Disclaimer
It is meant to record. See: Answer own Question
It is written as question. Have fun! :)
Reference
It is taken from the original paper: S. Bochner, Integration
It is related to: Bochner Integral: Integrability
Definition
Given a measure space $\Omega$ and a Banach space $E$.
Consider Bochner measurable functions $S_n\to F$.
Suppose Bochner integrability as $\int\|F\|\mathrm{d}\mu<\infty$.
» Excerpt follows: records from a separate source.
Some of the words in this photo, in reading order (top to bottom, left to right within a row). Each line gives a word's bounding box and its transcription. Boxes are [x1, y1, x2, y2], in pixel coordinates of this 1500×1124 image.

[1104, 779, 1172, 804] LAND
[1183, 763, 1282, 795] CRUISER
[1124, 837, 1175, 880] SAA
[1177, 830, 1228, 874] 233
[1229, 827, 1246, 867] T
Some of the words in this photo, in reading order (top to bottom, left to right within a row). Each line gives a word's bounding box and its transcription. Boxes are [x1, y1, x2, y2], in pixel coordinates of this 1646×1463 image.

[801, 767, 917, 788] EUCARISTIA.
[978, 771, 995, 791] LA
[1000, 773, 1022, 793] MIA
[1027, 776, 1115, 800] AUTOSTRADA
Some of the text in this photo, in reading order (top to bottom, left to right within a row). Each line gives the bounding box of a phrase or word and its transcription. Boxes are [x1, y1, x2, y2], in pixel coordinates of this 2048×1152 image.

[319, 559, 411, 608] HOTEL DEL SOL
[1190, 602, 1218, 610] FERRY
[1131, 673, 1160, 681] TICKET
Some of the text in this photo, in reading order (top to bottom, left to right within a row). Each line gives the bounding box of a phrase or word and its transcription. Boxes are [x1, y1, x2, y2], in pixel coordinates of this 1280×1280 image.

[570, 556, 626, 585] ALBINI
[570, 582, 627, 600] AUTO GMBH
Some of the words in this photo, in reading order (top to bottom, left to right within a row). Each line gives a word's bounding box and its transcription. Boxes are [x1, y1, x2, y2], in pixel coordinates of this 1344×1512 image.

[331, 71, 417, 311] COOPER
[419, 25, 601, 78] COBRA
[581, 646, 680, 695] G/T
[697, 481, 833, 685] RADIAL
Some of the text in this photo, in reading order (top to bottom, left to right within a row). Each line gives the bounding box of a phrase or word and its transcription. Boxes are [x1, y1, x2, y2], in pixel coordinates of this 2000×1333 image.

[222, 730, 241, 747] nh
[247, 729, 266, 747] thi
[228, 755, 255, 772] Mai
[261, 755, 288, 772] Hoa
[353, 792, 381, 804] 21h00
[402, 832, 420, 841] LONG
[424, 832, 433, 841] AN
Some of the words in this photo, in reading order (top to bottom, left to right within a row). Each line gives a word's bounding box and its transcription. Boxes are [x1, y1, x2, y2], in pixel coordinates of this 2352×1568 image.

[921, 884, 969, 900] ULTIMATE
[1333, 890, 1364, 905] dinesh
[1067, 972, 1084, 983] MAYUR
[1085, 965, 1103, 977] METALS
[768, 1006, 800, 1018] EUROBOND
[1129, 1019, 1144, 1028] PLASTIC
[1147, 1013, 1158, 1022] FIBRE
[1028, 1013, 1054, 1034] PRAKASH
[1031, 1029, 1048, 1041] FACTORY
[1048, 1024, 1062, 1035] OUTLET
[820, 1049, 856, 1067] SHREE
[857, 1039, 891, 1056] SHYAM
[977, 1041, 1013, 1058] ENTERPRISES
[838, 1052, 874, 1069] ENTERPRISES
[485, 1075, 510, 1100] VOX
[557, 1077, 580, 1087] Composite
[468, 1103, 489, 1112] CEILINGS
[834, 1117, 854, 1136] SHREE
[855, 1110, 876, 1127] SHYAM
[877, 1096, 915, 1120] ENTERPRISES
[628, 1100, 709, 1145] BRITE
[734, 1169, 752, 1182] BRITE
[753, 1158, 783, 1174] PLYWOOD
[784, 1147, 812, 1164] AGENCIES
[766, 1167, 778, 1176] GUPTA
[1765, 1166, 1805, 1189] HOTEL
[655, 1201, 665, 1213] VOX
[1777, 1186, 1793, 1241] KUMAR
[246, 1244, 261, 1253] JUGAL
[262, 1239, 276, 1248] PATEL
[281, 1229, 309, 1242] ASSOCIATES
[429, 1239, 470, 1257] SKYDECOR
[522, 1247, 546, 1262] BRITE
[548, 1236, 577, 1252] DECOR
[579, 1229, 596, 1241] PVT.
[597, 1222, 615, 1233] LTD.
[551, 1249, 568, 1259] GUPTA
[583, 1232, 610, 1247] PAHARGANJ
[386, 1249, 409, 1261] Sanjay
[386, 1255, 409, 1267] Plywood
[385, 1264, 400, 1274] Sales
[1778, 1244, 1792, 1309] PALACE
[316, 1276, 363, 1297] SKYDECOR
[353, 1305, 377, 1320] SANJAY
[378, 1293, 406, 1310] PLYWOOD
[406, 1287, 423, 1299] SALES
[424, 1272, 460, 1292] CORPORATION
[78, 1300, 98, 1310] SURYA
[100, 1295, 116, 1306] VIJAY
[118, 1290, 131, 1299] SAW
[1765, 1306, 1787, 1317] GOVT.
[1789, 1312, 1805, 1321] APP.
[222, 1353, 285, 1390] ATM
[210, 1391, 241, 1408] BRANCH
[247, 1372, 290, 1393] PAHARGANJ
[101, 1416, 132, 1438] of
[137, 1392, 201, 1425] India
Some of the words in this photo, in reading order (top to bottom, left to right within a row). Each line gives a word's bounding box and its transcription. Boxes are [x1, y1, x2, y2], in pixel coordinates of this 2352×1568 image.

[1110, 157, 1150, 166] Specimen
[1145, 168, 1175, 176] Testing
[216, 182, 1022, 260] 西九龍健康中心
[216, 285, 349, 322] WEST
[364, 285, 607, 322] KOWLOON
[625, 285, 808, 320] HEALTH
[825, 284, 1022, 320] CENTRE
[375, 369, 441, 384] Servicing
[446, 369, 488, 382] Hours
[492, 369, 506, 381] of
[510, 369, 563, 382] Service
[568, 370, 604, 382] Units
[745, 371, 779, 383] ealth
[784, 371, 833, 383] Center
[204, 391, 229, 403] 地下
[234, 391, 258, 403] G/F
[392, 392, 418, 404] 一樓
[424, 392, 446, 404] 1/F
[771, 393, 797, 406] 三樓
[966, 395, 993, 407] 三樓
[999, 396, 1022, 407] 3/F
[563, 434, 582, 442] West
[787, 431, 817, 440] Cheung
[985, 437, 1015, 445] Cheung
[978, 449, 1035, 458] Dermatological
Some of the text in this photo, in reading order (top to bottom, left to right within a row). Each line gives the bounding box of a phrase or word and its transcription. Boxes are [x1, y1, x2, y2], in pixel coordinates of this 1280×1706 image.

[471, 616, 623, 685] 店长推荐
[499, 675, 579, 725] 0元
Denote the abstract Bochner integral by $\int F\mathrm{d}\mu$.
Define the Bochner integral axiomatically by: $$\text{(L)}\quad\int(F+G)\mathrm{d}\mu=\int F\mathrm{d}\mu+\int F\mathrm{d}\mu,\,\int\lambda F\mathrm{d}\mu=\lambda\int F\mathrm{d}\mu$$ $$\text{(N)}:\quad\left\|\int F\mathrm{d}\mu\right\|\leq\int\|F\|\mathrm{d}\mu$$ $$\text{(DC)}:\quad\|F_n\|\leq h:\quad F_n\to F\implies\int F\mathrm{d}\mu\to\int F\mathrm{d}\mu\quad\left(\int h\mathrm{d}\mu<\infty\right)$$
And especially for finite measures: $$\text{(C)}:\quad\int C\mathrm{d}\mu=C\mu(\Omega)$$
Construction
This forces the integral for simple functions to become: $$S=\sum_{k=1}^KS_k\chi(A_k):\quad\int S\mathrm{d}\mu=\sum_{k=1}^KS_k\mu(A_k)$$
Now, for Bochner measurable functions Bochner integrability should determine the integral, too: $$S_n\to F\implies\int S_n\mathrm{d}\mu\to\int F\mathrm{d}\mu$$
But how to apply dominated convergence therefore: $$\|F-S_n\|\to0\implies\|S_n\|\leq\|F\|$$ (I got it now; in any way, you are warmly encouraged to do give an answer, too!!)
Discardure
Introduce the restricted integral through $\int_A F\mathrm{d}\mu:=\int\chi_AF\mathrm{d}\mu$.
There is another axiom which seems not independent of the others: $$\text{(S)}:\quad\int_A F\mathrm{d}\mu=\sum_{k\in\mathbb{N}}\int_{A_k}F\mathrm{d}\mu\quad\left(A=\bigsqcup_{k\in\mathbb{N}}A_k\right)$$ (Is it really independent?)